Zulmira nascera sob um céu denso e negro. Um céu carregado
de nuvens, ásperas e cinzentas, a roçarem a claridade de uma manhã, também ela
única. Zeferino não estava lá. Nascia, também, mas sob um outro céu. Um céu
límpido, transparente. A deixar perceber a textura de todo o universo.
Nasceram ambos no mesmo dia. Só que o céu não era o mesmo.
Passaram muitos céus entretanto.
Mas houve um dia em que Zulmira e Zeferino se encontraram.
Aconteceu-lhes, então, um céu comum. Chovia. Era o tempo das trovoadas. O mês
de todos os desabafos do céu. E o céu era o mesmo, Um céu comum. Um céu
acidificado de tanto respirar a energia poluída da terra. Um céu psicadélico
aos gritos.
Zulmira deitava gritos, também, dos olhos. Mas sem ruído.
Relâmpagos silenciosos. O lado esquerdo do seu rosto misturava-se com todos os
negros daquele dia. Zeferino foi o agente incumbido de interrogar Zulmira. Mas
Zulmira não queria falar. Nem queria estar ali. Se não tivesse sido encontrada
inconsciente em casa não estaria ali. Que a deixassem ir, pedia. Que tinha sido
um acidente, repetia. Caíra, e pronto. Batera com rosto no chão e desmaiara. Zeferino
nunca vira Zulmira antes. Mas percebeu que aquele céu que lhes acontecia era
especial. Quis pegar-lhe na mão e levá-la para um chão seguro, onde o céu seria
sempre azul. E sempre o mesmo. Sentiu-se atravessado de um raio de ternura. Um
raio luminoso e eletrizante. Queria mesmo pegar-lhe na mão e levá-la para o
chão da sua alma. Salvá-la. Mas Zeferino teve medo. Nunca vira Zulmira antes.
Não sabia nada daquela mulher. Só a intuição lhe fundamentava o apelo. Naquele
momento a intuição pareceu-lhe insuficiente. E deixou que Zulmira partisse sem apresentar
queixa alguma contra o marido. Deixou que voltasse na direção das mãos que
haviam enegrecido o seu rosto.
Agora, três dias depois, diante de um ocaso que nunca haverá
de esquecer, despede-se de um céu que se foi para sempre. Um céu que teve nas
mãos. Um céu que podia ter aprisionado na cela do seu nobre coração. Um céu que
deixou escapar por entre os dedos escorregadios da insegurança.
Zeferino foi o agente chamado à casa de Zulmira para tomar
conta da ocorrência da sua morte. E agora despede-se de um céu.
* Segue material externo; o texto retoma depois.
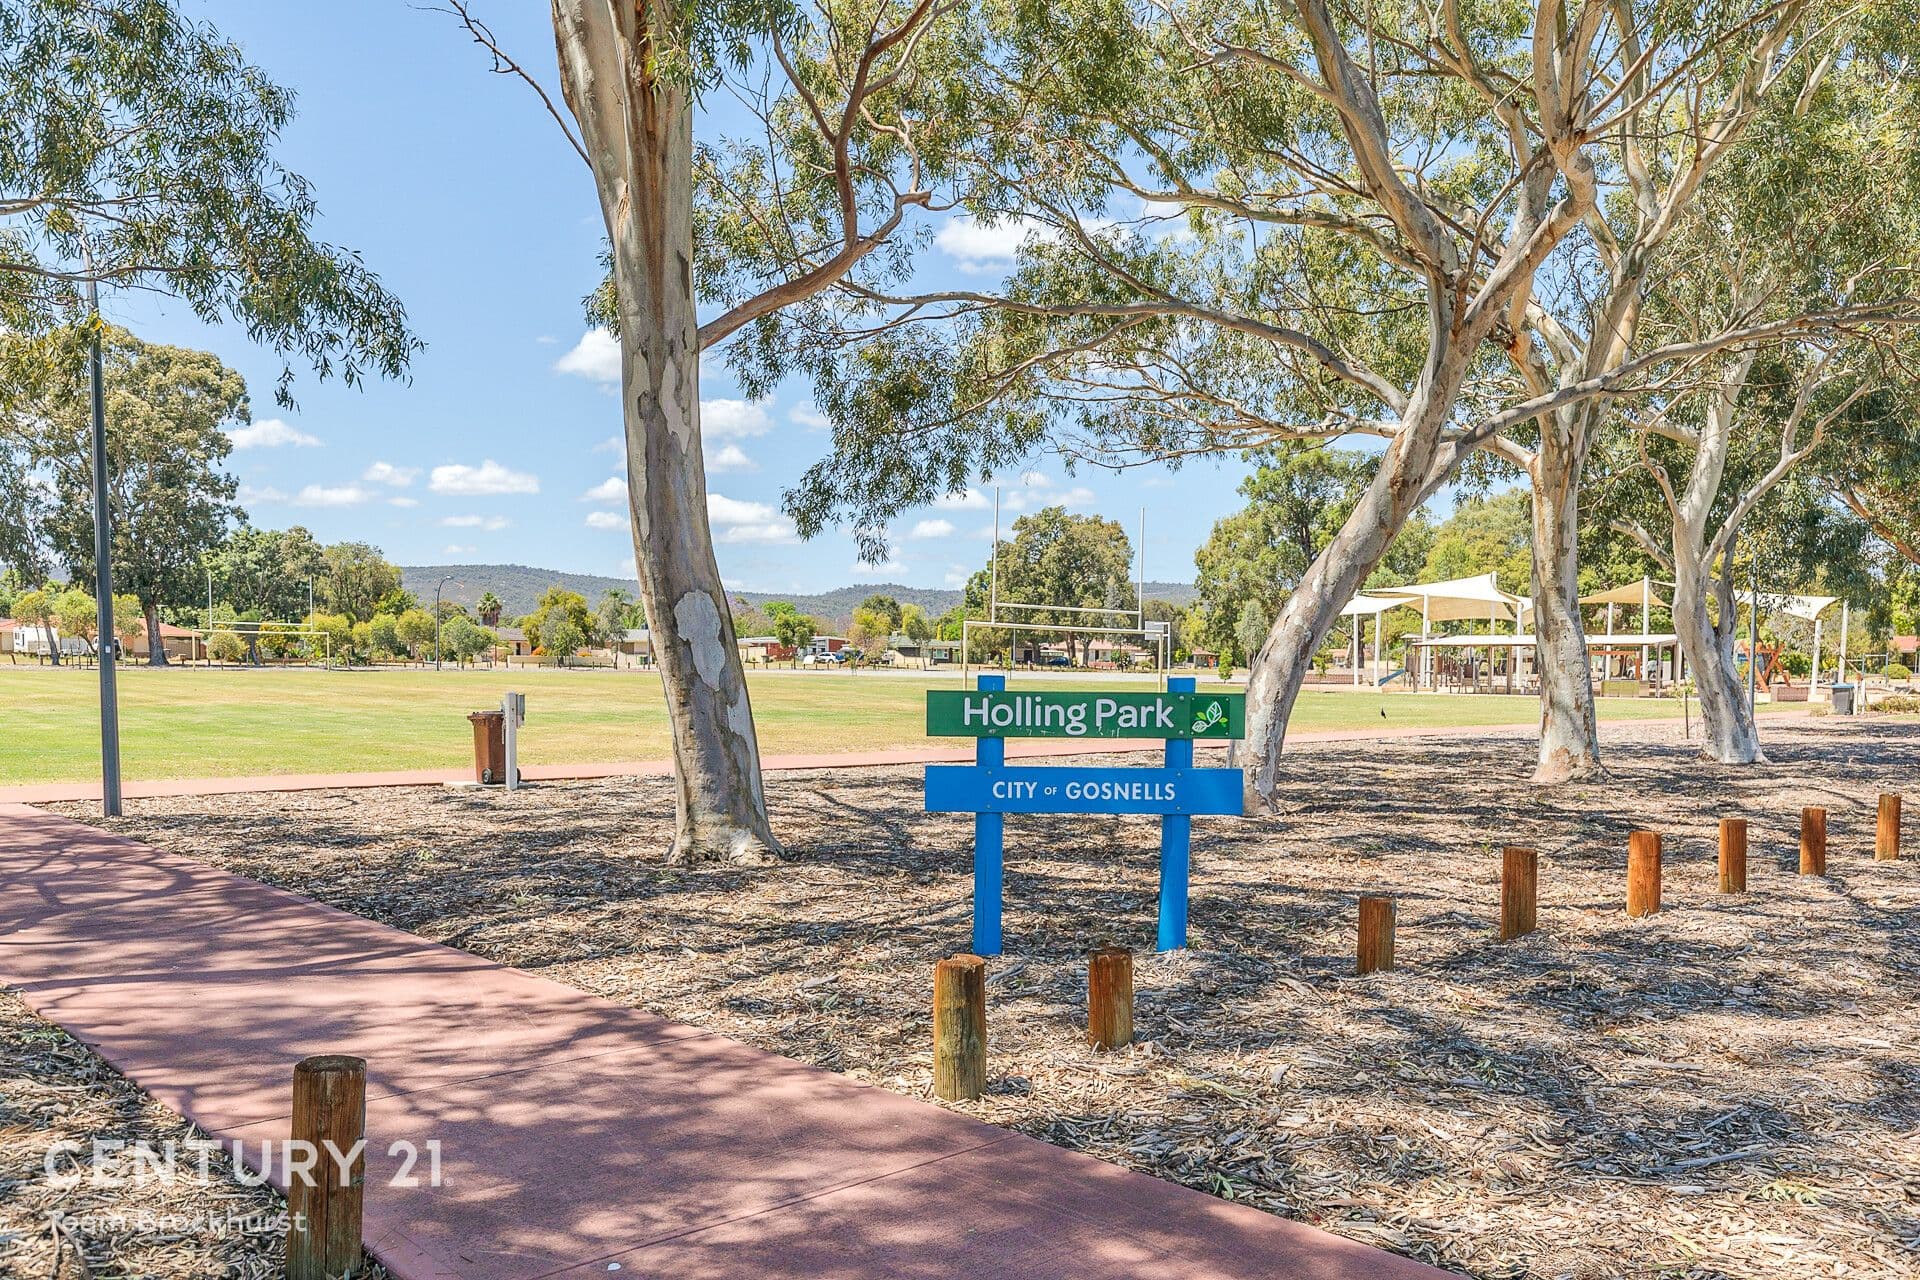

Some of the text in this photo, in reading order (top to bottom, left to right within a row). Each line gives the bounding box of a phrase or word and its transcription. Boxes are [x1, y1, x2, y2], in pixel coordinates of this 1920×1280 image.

[963, 696, 1175, 735] Holling Park
[992, 781, 1038, 799] CITY
[1065, 782, 1176, 801] GOSNELLS
Que se foi para
sempre.
[crónica publicada no Mensageiro de Bragança, ed. de 17.05.2012]
segunda-feira, 6 de fevereiro de 2012
Zulmira morreu 5: Os olhos de José
Talvez um dia o pequeno José venha a descobrir a temperatura precisa de cada cor e possa assim pressentir com a ponta dos dedos os contornos das coisas para além dos declives e saliências das formas. Zulmira nunca se cansava de dizer-lhe como eram belos os seus dedos. Transparentes a todas as verdades. Permeáveis à honestidade do seu rosto. Muito mais puros que os outros olhos. Os que todos temos. Zulmira encontrava em José a paz de chorar e sorrir com uma sinceridade que não se mostra aos olhos de ninguém. Mas que somos capazes de contar aos dedos do nosso pequeno filho. Com a voz despida de ciscos. Com os lábios abertos às lágrimas. Zulmira sabia que talvez os nove anos de José não fossem divisíveis em dias, mas em plúmbeas e arrastadas sequências temporais múltiplas desses dias. Dos dias dos outros. Uma medida a que ainda ninguém conseguiu dar nome. A compreensão de tudo era para si um esforço para além do que devia exigir-se a um menino de nove anos. Por isso Zulmira sabia que os nove anos de José talvez não fossem, afinal, nove anos, mas nove vezes o tempo em que se propagava o seu esforço. Isso descansava um pouco Zulmira, que olhava para o seu filho e imaginava um verdadeiro homenzinho. Capaz de ver o que os seus outros filhos nunca haveriam de ver. Mas os seus pés ainda não caminhavam sozinhos. E havia passos que à data da morte de Zulmira o pequeno José não sabia dar por si. Também o pequeno José procurava e precisava da mão da sua mãe. Para fazer melhor tudo o que já fazia. Para aprender o que não aprendera ainda. Para descobrir todos os obstáculos por vir. Para ir à rua e memorizar todos os caminhos possíveis.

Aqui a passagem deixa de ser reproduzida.